- EXERCISE REQUIREMENTS -
Would you write out the entries again, exactly as they are, but without images?

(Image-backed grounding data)
*** Begin section ***

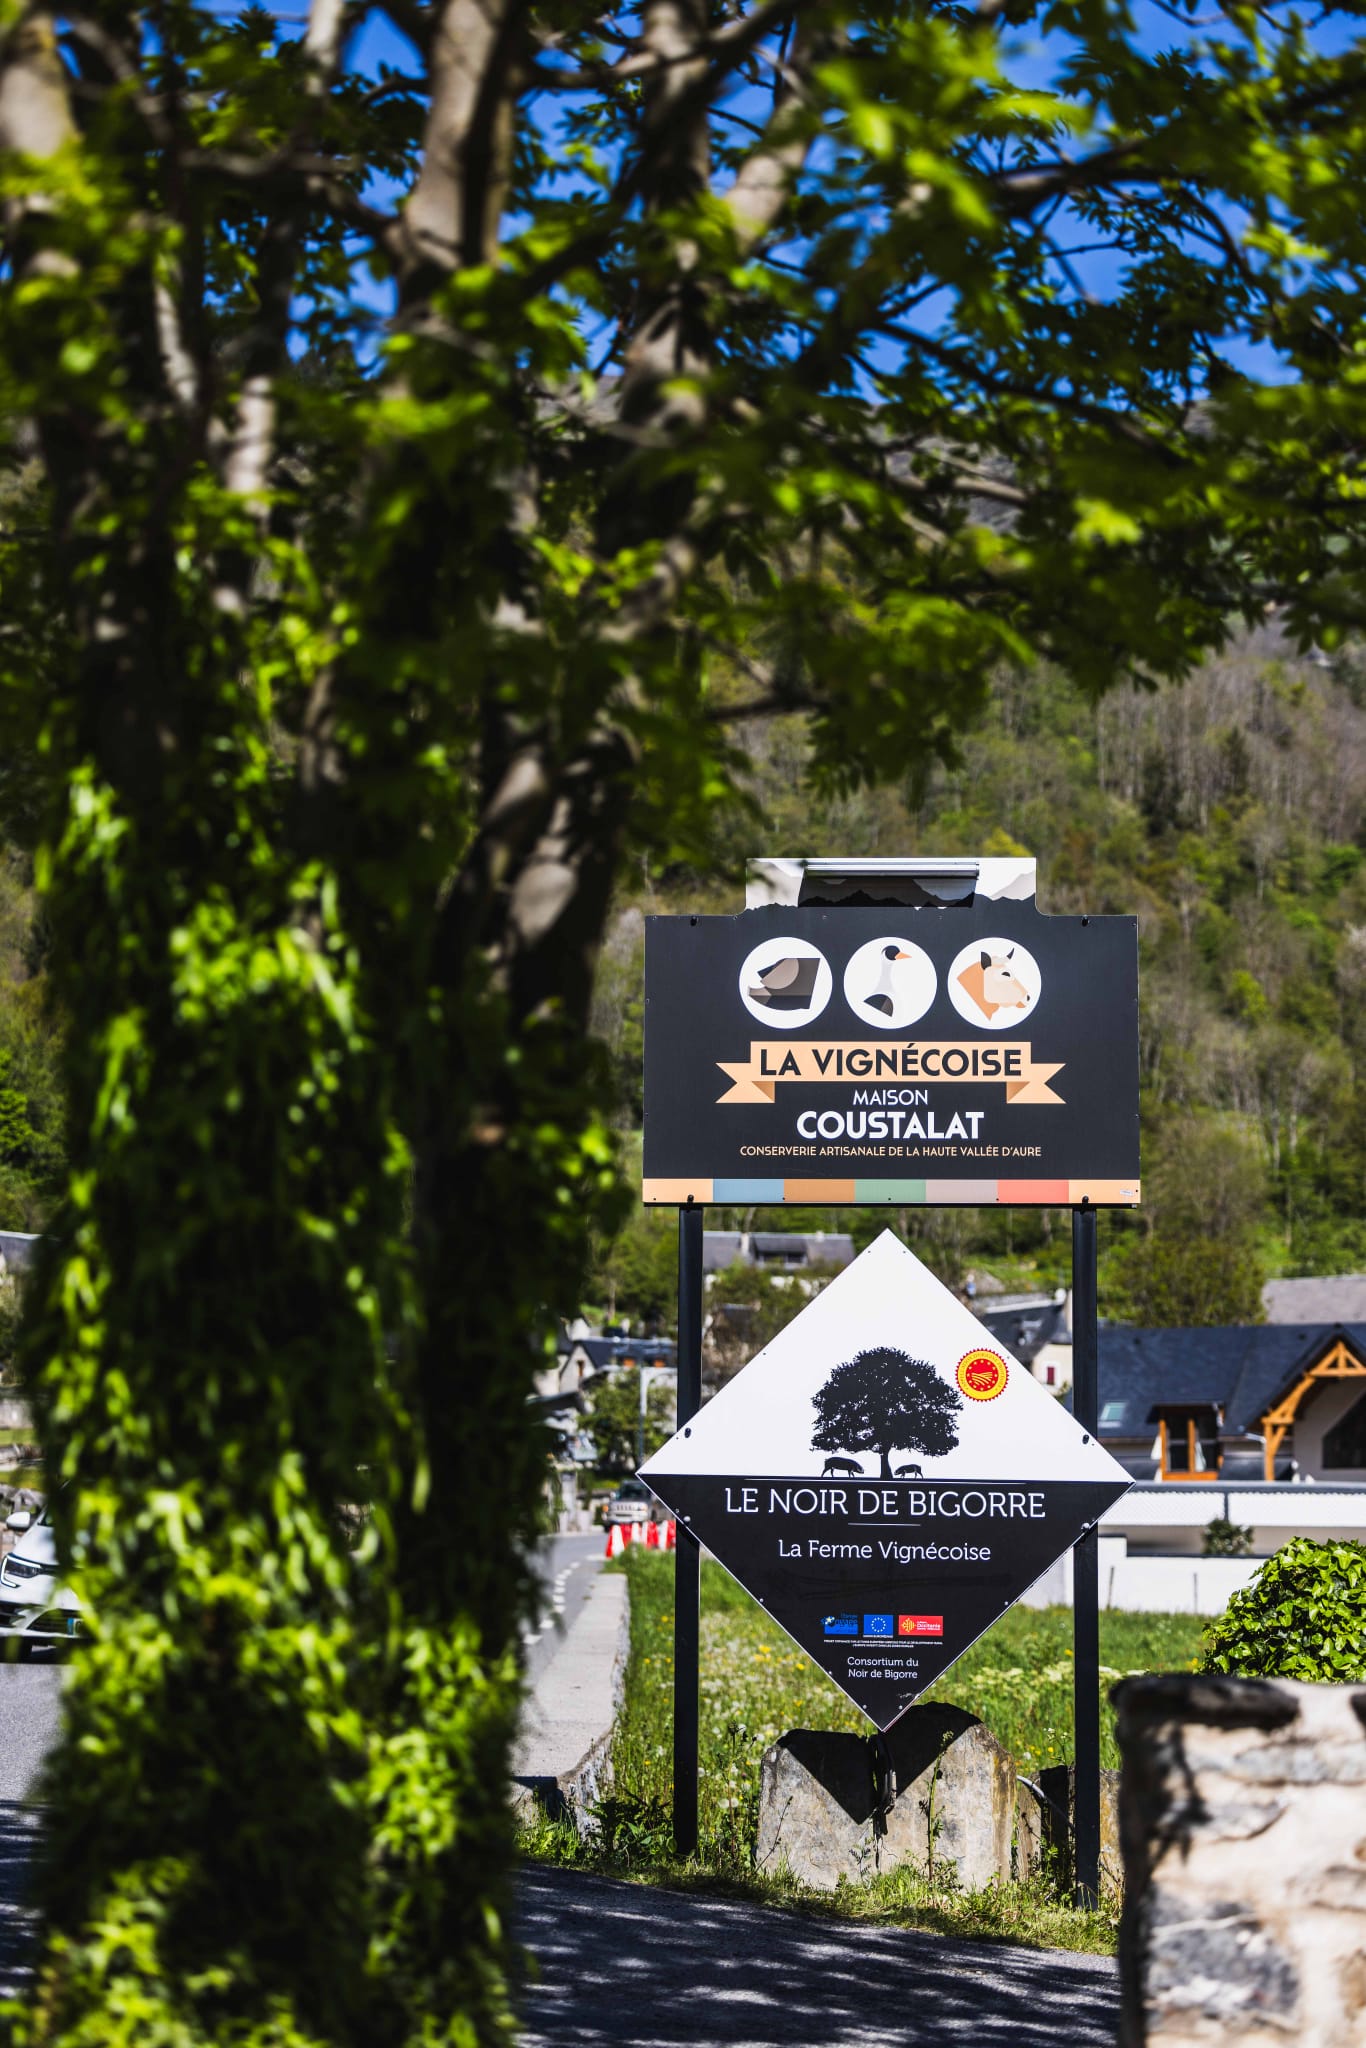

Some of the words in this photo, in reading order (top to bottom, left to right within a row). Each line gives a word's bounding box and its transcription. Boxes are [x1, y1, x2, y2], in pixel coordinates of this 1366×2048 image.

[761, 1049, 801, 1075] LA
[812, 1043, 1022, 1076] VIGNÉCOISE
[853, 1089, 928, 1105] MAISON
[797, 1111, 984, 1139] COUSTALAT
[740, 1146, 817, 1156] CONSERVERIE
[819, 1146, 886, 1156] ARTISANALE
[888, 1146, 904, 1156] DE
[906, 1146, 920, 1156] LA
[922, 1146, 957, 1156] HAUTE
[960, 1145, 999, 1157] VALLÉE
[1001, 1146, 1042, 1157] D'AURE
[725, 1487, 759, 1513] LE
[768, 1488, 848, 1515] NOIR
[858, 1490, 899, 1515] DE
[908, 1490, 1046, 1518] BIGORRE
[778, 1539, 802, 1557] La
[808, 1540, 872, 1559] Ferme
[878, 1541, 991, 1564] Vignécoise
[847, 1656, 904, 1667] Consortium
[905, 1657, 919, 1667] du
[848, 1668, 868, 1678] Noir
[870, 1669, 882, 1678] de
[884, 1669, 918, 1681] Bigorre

*** End section ***

- WORKED SOLUTION -
Some of the words in this photo, in reading order (top to bottom, left to right within a row). Each line gives a word's bounding box and its transcription. Boxes are [x1, y1, x2, y2], in pixel coordinates of this 1366×2048 image.

[761, 1049, 801, 1075] LA
[812, 1043, 1022, 1076] VIGNÉCOISE
[853, 1089, 928, 1105] MAISON
[797, 1111, 984, 1139] COUSTALAT
[740, 1146, 817, 1156] CONSERVERIE
[819, 1146, 886, 1156] ARTISANALE
[888, 1146, 904, 1156] DE
[906, 1146, 920, 1156] LA
[922, 1146, 957, 1156] HAUTE
[960, 1145, 999, 1157] VALLÉE
[1001, 1146, 1042, 1157] D'AURE
[725, 1487, 759, 1513] LE
[768, 1488, 848, 1515] NOIR
[858, 1490, 899, 1515] DE
[908, 1490, 1046, 1518] BIGORRE
[778, 1539, 802, 1557] La
[808, 1540, 872, 1559] Ferme
[878, 1541, 991, 1564] Vignécoise
[847, 1656, 904, 1667] Consortium
[905, 1657, 919, 1667] du
[848, 1668, 868, 1678] Noir
[870, 1669, 882, 1678] de
[884, 1669, 918, 1681] Bigorre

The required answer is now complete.